Single Mean Test: A statistical test used to determine whether a sample mean is significantly different from a known or hypothesized population mean.
Single Proportion Test: A statistical test used to determine whether a sample proportion is significantly different from a known or hypothesized population proportion.

STATA Demonstration

Demonstration of STATA commands for data analysis, including:
- Upload “HospAdmNeu.dta” data in STATA.
- summarize Ordinary1213 (Summary measures of ordinary admission).
- summarize Ordinary1213, detail (Detailed summary of ordinary admission).
- Graph box Ordinary1213 (Draw a boxplot to check for outliers).
- scatter Ordinary1213 Daycase1213 (Scatter plot between two variables).
- hist Ordinary1213 (Draw a histogram for ordinary admission).
- hist Ordinary1213, bin(20) (Change the bin for better representation).
- hist Ordinary1213, bin(20) normal (Check normality with a normal curve).
- Homework: Repeat all commands for a day case hospital admission.

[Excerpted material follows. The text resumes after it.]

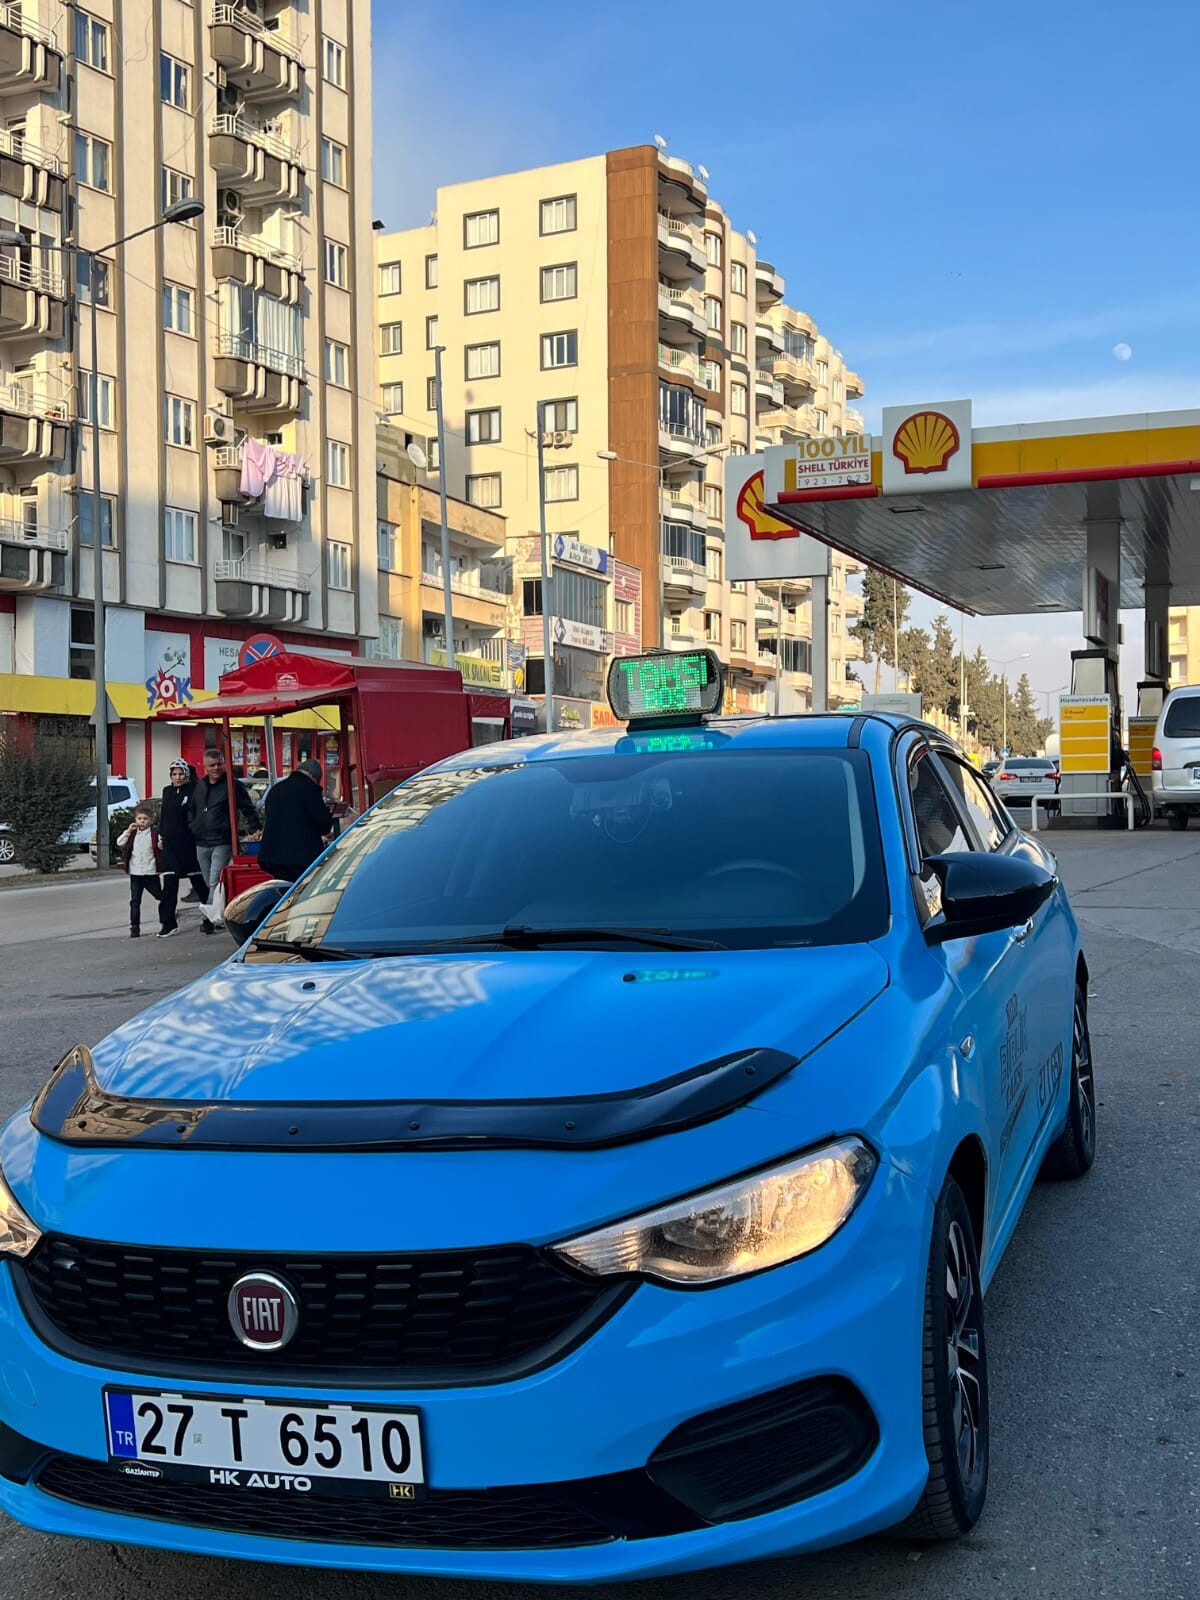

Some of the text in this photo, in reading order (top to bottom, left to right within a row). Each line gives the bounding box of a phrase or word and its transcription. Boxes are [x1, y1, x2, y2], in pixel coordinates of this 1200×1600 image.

Statistical Inference: The Big Picture

Real World: Data is collected from the real world.
Theoretical World: Scientific and statistical models are used to represent the data.
Sample: A subset of the population from which data is collected.
Population: The entire group of individuals or objects of interest.
Conclusion: Inferences are made from the sample to the population.

Populations and Samples

A population is a collection of objects, people, or events of interest.
Data collection on the entire population is often impractical.
A sample is a subset of the population used to infer information about the population.
Samples are not of interest in their own right but for what they reveal about the population.

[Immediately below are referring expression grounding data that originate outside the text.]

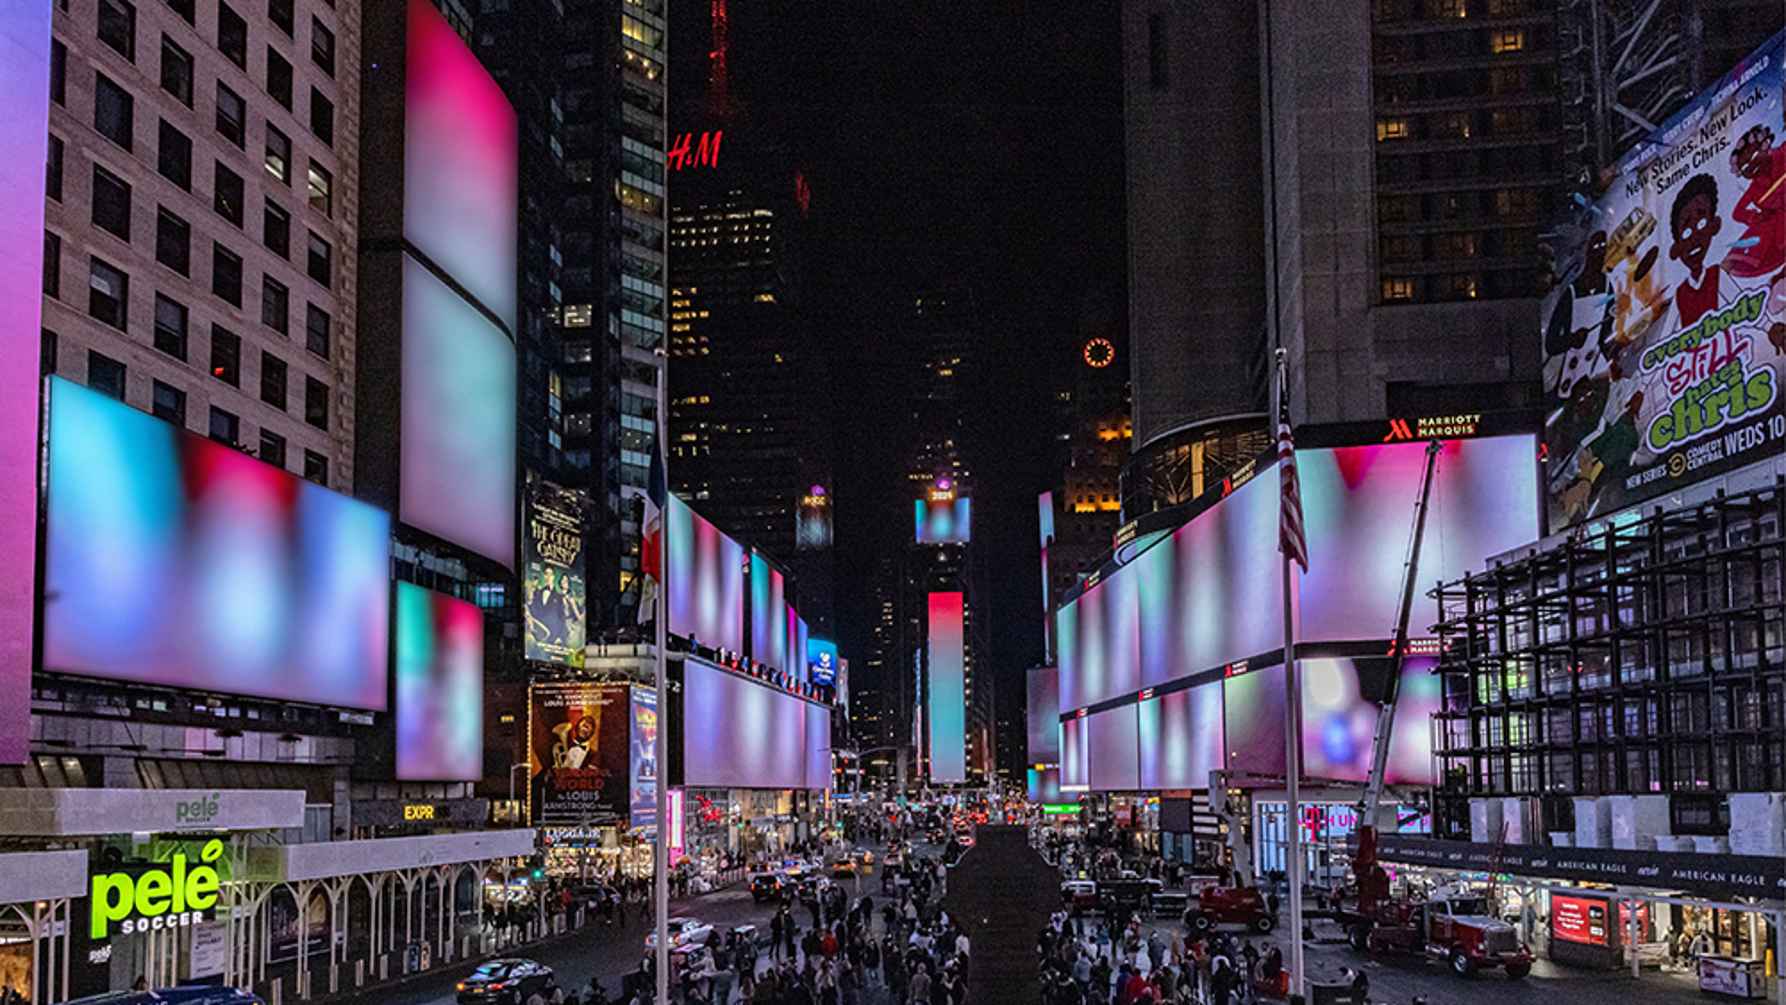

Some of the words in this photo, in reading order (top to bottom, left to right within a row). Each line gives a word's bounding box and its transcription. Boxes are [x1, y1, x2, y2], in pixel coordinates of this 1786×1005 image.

[667, 130, 723, 171] H&M
[1625, 171, 1650, 199] New
[1651, 140, 1698, 181] Stories.
[1700, 115, 1728, 144] New
[1730, 86, 1768, 122] Look.
[1656, 163, 1690, 195] Same
[1691, 136, 1731, 169] Chris.
[1643, 292, 1767, 369] everybody
[1418, 414, 1480, 427] MARRIOTT
[1650, 371, 1772, 449] chris
[1418, 424, 1474, 437] MARQUIS
[1725, 423, 1766, 456] WEDS
[1686, 438, 1723, 460] COMEDY
[1686, 450, 1725, 471] CENTRAL
[544, 801, 596, 811] ARMSTRONG
[566, 790, 600, 801] LOUIS
[1556, 861, 1598, 872] AMERICAN
[1601, 862, 1627, 874] EAGLE
[1671, 869, 1727, 883] AMERICAN
[1730, 873, 1766, 886] EAGLE
[91, 838, 224, 939] pelé
[122, 911, 203, 934] SOCCER
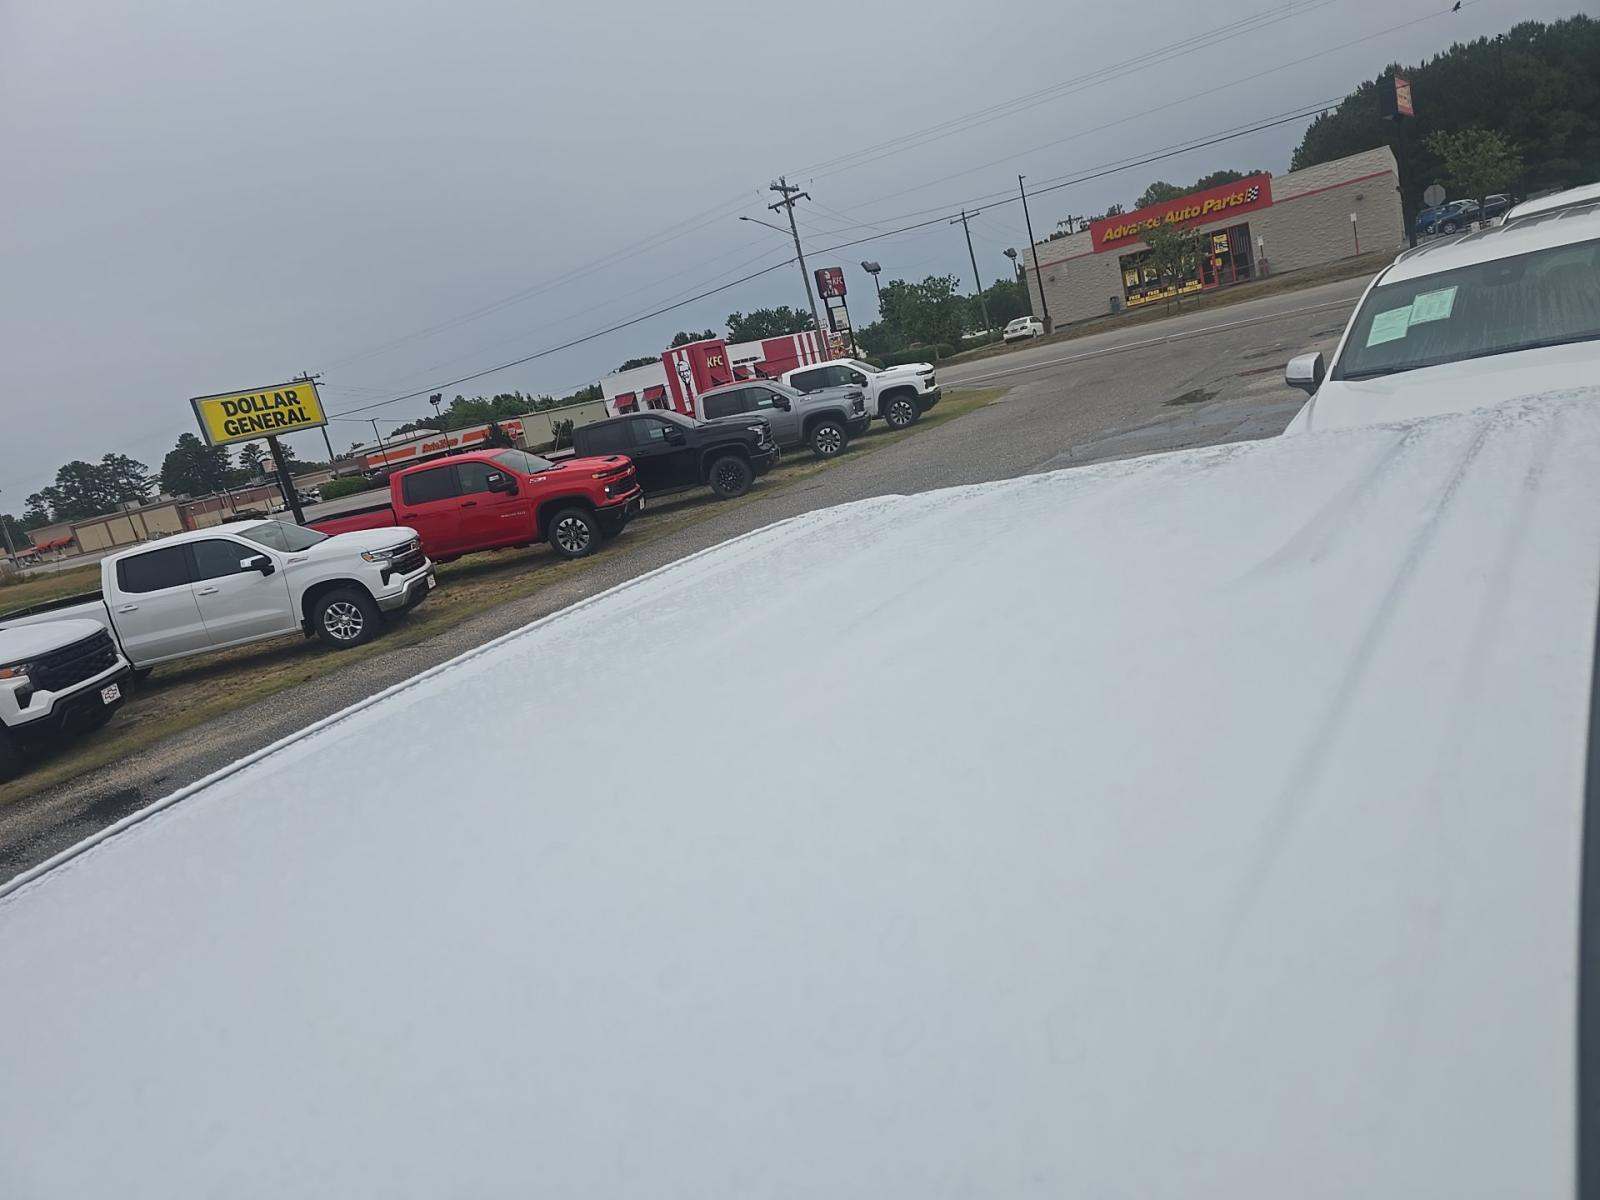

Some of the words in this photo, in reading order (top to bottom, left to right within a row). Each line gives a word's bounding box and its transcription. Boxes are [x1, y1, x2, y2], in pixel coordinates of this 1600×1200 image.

[1165, 204, 1200, 224] Auto
[1202, 192, 1243, 215] Parts
[706, 354, 724, 368] KFC
[221, 390, 301, 418] DOLLAR
[224, 406, 311, 436] GENERAL

Example: Babies Birth Weight and Mum’s Smoking

Study in Newham, London, investigating causes of low birth weight in babies born in 2016.
Data collected from 1000 babies in Newham hospital database.
Dataset includes variables like baby ID, birth weight (bwt), gestational age (gest), mother’s age (mat_age), and number of cigarettes smoked per week (cigs).

Statistical Inference

Summary statistics (mean, percentiles, SD) are calculated from the sample.
These statistics are used to infer characteristics about the total population.
The goal is to understand what sample statistics tell us about the theoretical distributions of the population.

Random Samples

Research Question: Average weight of babies and reasons for underweight babies.
Theoretical Population: Defined before data collection to understand the generalizability of inferences.
Examples: all babies (current and future), babies born in the UK between 1990 and 2000.
Average Baby Weight: Around 7 pounds (3.2 kg) for females and 7 pounds 5 ounces (3.3 kg) for males.
Reasons for Underweight Babies: Premature birth, Intrauterine Growth Restriction (IUGR), infections during pregnancy, inadequate weight gain, smoking, alcohol or drug use, and maternal age.

Random Samples (contd.)

The sample is a subset of the population and needs to be representative.
Random Sampling: Each individual in the population has an equal chance of being included, and the inclusion of one individual does not affect the inclusion of another.
Opportunistic Sampling: Also known as convenience sampling, involves selecting participants based on availability (e.g., recruiting participants from a local support group for a rare neurological disorder like Stiff Person Syndrome).

Stratified Random Sampling

Example: Global Adult Tobacco Survey (GATS) in Bangladesh.
Overall prevalence of tobacco smoking:
- 2009: 23.00% (95% CI 22.98 to 23.00)
- 2017: 16.44% (95% CI 16.43 to 16.45)
Methodology: Two-stage stratified sampling.
- First stage: Eight administrative divisions were created, stratified by urban and rural Enumeration Areas (EAs).
- Second stage: 30 households were systematically selected from each sampled PSU (EA).
- One participant was randomly picked from all eligible men and women in a participating household.

Statistical Inference: From Sample to Populations

Assessing the accuracy of sample statistics in estimating population parameters.
Repeatedly choosing samples from the same population results in different values for a statistic (e.g., the mean).
Uncertainty associated with the estimate needs to be assessed.

Sampling Variability and Standard Errors

The standard deviation of the sampling distribution of the mean ( $s / \sqrt{n}$ ) measures the typical error between the sample mean and the population mean.
$s / \sqrt{n}$ quantifies the accuracy of the sample mean as an estimate of the population mean and is known as the standard error (SE) of the mean.
Since the theoretical standard deviation (s) is unknown, the sample standard deviation (SD) is used in its place.

Standard Deviation (SD) vs Standard Error (SE)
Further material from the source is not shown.